**Dataset entries:**
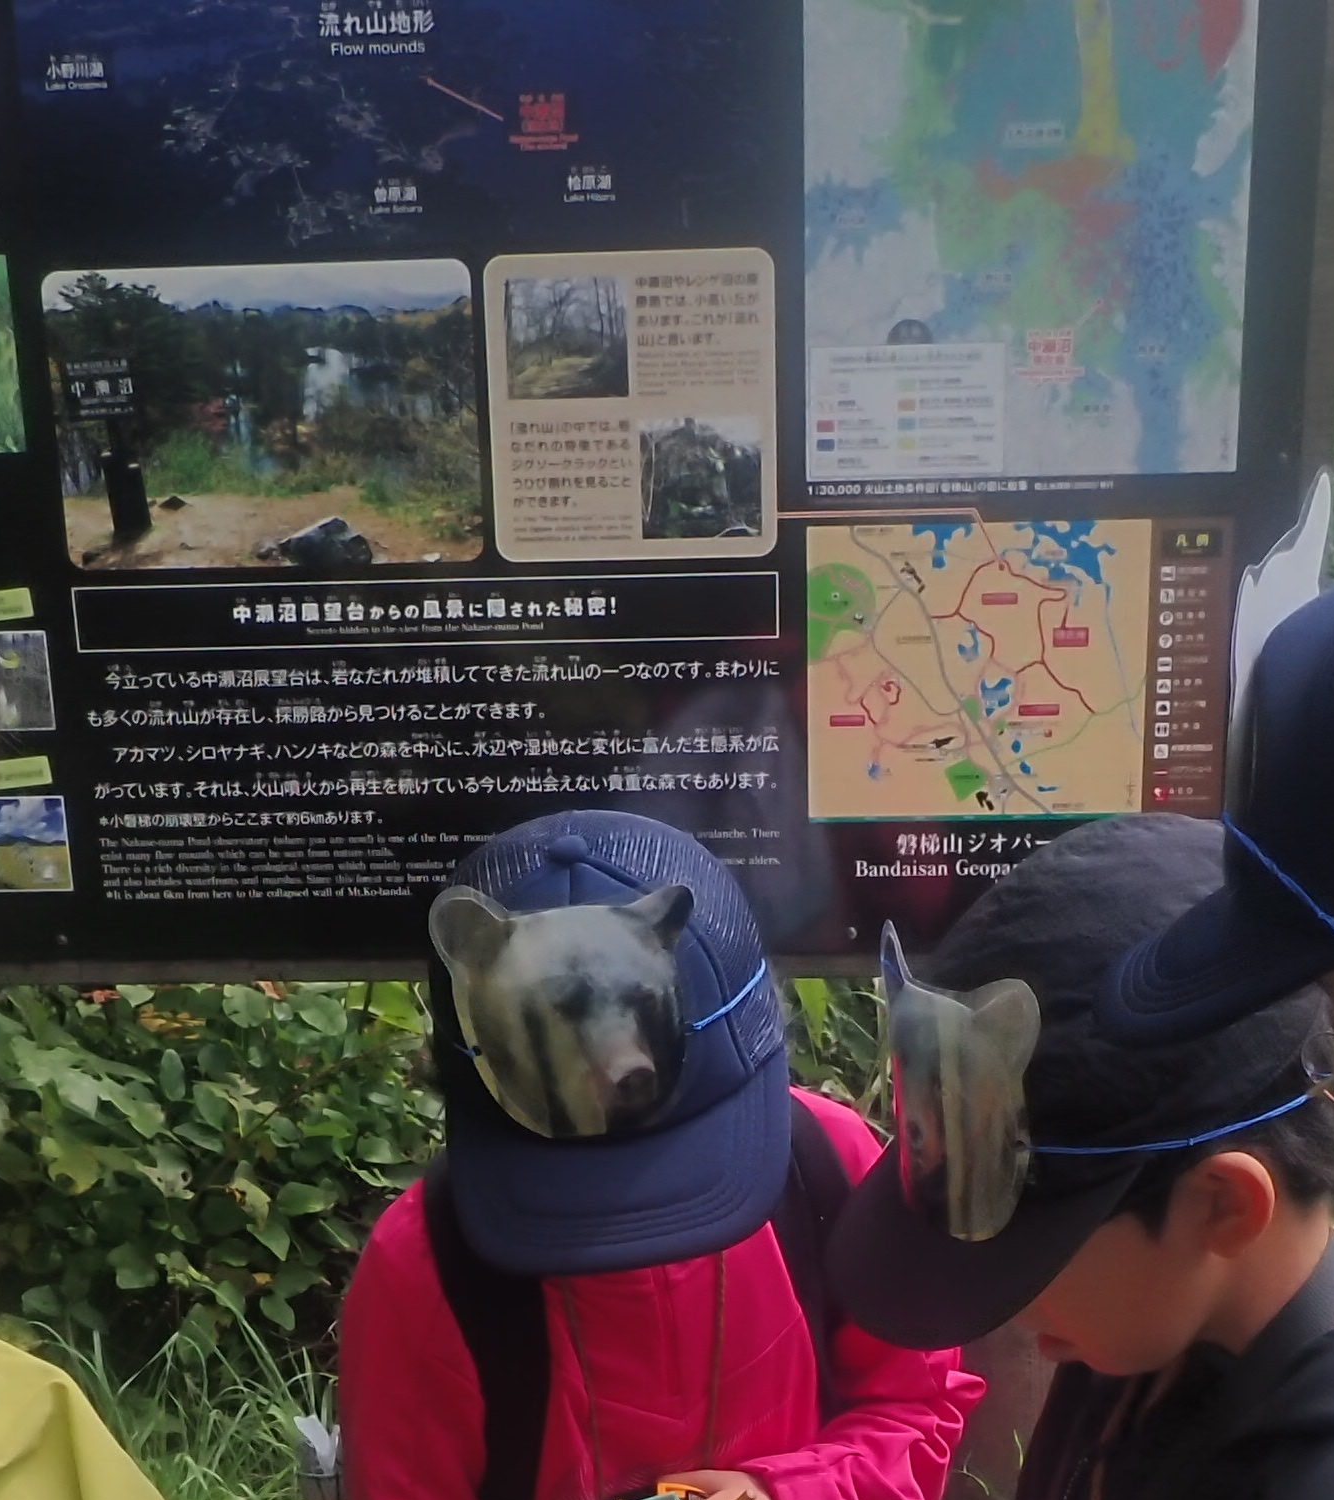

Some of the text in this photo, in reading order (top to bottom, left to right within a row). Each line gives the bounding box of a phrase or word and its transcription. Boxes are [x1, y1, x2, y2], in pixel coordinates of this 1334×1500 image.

[319, 10, 434, 37] 流れ山地形
[331, 40, 425, 56] Flow mounds
[407, 832, 417, 843] of
[421, 831, 436, 842] the
[439, 831, 458, 842] flow
[463, 830, 495, 842] mound
[697, 829, 748, 839] avalanche.
[751, 828, 780, 838] There
[897, 833, 1052, 855] 磐梯山ジオパー
[855, 858, 1019, 884] Bandaisan Geopa
[135, 890, 159, 900] about
[187, 889, 208, 899] from
[248, 888, 262, 898] the
[312, 887, 331, 897] wall

**Assignment:** Print each entry above verbatim, pictures left out.

**Result:**
Some of the text in this photo, in reading order (top to bottom, left to right within a row). Each line gives the bounding box of a phrase or word and its transcription. Boxes are [x1, y1, x2, y2], in pixel coordinates of this 1334×1500 image.

[319, 10, 434, 37] 流れ山地形
[331, 40, 425, 56] Flow mounds
[407, 832, 417, 843] of
[421, 831, 436, 842] the
[439, 831, 458, 842] flow
[463, 830, 495, 842] mound
[697, 829, 748, 839] avalanche.
[751, 828, 780, 838] There
[897, 833, 1052, 855] 磐梯山ジオパー
[855, 858, 1019, 884] Bandaisan Geopa
[135, 890, 159, 900] about
[187, 889, 208, 899] from
[248, 888, 262, 898] the
[312, 887, 331, 897] wall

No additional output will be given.